● **Exercise prompt**: Given the listing below, output exactly the line containing "this 1000×1504 image." and every line after it through the end.
====== Records for the task
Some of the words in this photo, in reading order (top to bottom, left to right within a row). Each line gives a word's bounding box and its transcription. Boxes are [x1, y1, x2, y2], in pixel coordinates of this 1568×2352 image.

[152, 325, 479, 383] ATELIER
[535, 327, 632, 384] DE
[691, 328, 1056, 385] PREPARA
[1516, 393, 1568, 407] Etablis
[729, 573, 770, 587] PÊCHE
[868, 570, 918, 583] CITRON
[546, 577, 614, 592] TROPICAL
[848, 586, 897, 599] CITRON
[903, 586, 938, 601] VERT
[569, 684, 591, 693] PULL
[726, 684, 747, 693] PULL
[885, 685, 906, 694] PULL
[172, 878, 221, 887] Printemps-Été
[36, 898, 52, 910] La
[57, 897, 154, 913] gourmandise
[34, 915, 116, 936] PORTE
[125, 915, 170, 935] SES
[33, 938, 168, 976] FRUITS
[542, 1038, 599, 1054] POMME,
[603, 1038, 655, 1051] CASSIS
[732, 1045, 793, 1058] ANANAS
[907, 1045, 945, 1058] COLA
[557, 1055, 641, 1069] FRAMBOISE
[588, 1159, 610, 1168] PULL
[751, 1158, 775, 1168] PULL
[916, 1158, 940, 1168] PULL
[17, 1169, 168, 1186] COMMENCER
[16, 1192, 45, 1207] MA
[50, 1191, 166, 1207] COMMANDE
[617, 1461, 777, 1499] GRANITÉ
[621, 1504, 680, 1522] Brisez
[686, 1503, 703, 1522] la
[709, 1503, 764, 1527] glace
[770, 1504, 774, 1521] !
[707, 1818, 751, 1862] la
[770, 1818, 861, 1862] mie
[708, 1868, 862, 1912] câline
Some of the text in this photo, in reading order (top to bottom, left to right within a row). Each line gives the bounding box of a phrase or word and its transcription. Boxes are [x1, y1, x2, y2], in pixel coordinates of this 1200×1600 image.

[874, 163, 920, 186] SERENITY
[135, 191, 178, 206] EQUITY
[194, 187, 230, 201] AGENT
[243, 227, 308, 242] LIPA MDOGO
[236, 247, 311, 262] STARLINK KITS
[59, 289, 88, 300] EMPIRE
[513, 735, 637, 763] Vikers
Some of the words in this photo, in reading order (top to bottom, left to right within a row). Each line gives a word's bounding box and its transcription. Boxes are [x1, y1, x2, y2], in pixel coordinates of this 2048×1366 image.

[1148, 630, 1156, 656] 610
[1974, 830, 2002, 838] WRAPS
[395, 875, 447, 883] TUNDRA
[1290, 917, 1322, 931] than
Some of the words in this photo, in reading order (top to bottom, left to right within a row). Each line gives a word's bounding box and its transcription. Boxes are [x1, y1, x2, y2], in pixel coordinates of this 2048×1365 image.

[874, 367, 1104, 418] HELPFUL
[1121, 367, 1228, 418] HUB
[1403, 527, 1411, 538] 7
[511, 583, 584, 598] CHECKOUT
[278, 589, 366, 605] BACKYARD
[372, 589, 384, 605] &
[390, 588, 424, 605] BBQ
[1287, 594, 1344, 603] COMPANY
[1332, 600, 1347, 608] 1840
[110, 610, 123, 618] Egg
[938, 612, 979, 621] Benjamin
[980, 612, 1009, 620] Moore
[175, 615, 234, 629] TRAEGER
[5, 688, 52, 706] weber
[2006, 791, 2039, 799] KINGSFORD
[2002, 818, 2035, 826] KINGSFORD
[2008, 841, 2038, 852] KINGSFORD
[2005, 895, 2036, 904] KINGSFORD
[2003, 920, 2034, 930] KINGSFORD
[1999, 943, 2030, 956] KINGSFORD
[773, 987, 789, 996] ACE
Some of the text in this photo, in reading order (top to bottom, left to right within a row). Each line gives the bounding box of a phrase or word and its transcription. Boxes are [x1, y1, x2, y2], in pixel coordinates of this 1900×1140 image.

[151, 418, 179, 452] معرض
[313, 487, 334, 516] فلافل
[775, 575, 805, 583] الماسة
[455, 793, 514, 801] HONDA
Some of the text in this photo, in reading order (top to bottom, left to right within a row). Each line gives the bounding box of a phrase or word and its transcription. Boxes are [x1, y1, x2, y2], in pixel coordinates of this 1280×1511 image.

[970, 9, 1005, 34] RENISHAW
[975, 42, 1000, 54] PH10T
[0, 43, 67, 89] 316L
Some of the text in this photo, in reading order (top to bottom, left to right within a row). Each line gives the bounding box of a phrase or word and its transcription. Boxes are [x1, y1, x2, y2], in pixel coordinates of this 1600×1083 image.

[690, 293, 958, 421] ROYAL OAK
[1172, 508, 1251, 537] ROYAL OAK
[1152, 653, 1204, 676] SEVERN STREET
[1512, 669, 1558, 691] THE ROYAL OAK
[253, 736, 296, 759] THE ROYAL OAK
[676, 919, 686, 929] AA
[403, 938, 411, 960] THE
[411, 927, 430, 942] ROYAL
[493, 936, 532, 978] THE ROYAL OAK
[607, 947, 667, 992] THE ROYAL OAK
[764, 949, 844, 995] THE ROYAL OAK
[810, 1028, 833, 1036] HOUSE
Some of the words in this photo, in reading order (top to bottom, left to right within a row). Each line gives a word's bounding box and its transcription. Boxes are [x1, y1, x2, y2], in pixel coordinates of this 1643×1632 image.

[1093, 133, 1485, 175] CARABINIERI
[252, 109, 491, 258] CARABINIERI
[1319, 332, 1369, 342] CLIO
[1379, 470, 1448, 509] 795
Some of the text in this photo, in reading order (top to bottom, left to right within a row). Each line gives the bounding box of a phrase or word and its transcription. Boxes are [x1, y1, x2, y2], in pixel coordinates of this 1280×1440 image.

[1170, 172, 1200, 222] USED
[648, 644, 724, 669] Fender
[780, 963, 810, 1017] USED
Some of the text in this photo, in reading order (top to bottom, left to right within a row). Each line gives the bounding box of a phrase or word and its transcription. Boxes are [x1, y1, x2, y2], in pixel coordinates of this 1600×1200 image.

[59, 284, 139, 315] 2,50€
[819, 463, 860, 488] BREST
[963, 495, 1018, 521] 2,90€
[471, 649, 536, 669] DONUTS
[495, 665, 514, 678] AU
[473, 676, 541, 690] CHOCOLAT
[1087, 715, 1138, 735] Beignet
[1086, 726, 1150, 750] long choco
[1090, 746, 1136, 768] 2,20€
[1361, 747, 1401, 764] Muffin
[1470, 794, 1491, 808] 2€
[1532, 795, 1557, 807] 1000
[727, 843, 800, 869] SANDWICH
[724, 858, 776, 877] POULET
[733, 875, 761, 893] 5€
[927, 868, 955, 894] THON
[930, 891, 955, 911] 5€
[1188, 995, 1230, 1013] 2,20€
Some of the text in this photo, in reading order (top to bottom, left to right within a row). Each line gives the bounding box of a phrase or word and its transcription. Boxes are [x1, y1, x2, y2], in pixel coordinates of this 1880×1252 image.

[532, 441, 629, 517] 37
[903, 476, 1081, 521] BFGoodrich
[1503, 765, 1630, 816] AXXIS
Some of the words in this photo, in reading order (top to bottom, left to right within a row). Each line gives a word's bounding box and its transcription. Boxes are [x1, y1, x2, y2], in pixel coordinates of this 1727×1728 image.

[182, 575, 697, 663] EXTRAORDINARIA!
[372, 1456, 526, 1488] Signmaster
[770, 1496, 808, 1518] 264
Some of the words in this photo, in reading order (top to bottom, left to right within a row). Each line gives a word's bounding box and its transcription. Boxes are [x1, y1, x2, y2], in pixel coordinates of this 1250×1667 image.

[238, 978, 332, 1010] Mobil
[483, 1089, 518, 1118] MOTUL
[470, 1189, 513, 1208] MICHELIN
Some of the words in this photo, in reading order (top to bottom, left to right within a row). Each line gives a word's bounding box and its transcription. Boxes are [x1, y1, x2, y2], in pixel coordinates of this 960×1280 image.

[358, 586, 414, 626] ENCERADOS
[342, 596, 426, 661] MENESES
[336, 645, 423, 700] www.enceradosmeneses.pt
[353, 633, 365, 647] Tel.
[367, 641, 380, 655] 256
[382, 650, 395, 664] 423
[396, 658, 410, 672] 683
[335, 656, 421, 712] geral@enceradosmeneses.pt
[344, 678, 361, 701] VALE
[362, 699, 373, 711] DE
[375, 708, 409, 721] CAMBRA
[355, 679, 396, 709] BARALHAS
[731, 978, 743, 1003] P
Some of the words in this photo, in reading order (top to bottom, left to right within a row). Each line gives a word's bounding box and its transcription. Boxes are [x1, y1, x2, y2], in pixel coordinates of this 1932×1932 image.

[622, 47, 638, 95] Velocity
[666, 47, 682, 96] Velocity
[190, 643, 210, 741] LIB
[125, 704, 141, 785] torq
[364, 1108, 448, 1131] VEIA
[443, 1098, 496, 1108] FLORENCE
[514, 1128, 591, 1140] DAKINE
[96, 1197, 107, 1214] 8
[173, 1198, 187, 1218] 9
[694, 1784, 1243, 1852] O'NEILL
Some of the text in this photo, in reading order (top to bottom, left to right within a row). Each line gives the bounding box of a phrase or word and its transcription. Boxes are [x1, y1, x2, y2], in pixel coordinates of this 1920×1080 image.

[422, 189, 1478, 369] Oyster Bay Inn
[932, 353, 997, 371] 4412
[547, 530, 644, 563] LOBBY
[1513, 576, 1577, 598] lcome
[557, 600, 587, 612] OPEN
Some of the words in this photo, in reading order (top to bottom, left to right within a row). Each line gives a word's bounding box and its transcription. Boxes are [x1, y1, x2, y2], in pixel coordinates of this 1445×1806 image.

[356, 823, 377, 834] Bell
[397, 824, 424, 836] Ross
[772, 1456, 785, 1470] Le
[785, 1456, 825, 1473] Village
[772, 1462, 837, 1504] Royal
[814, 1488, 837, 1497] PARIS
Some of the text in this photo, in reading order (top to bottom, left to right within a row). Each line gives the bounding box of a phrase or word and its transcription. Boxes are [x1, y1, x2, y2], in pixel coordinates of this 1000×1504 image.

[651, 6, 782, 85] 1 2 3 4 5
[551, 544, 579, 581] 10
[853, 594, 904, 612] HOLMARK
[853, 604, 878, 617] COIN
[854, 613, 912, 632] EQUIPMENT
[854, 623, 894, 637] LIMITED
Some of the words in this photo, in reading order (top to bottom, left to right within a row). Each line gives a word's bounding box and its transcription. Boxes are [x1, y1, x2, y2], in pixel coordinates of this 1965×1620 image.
============
● **Exercise answer**:
Some of the text in this photo, in reading order (top to bottom, left to right within a row). Each line gives the bounding box of a phrase or word and its transcription. Boxes are [x1, y1, x2, y2], in pixel coordinates of this 1000×1504 image.

[651, 6, 782, 85] 1 2 3 4 5
[551, 544, 579, 581] 10
[853, 594, 904, 612] HOLMARK
[853, 604, 878, 617] COIN
[854, 613, 912, 632] EQUIPMENT
[854, 623, 894, 637] LIMITED
Some of the words in this photo, in reading order (top to bottom, left to right within a row). Each line gives a word's bounding box and its transcription. Boxes are [x1, y1, x2, y2], in pixel coordinates of this 1965×1620 image.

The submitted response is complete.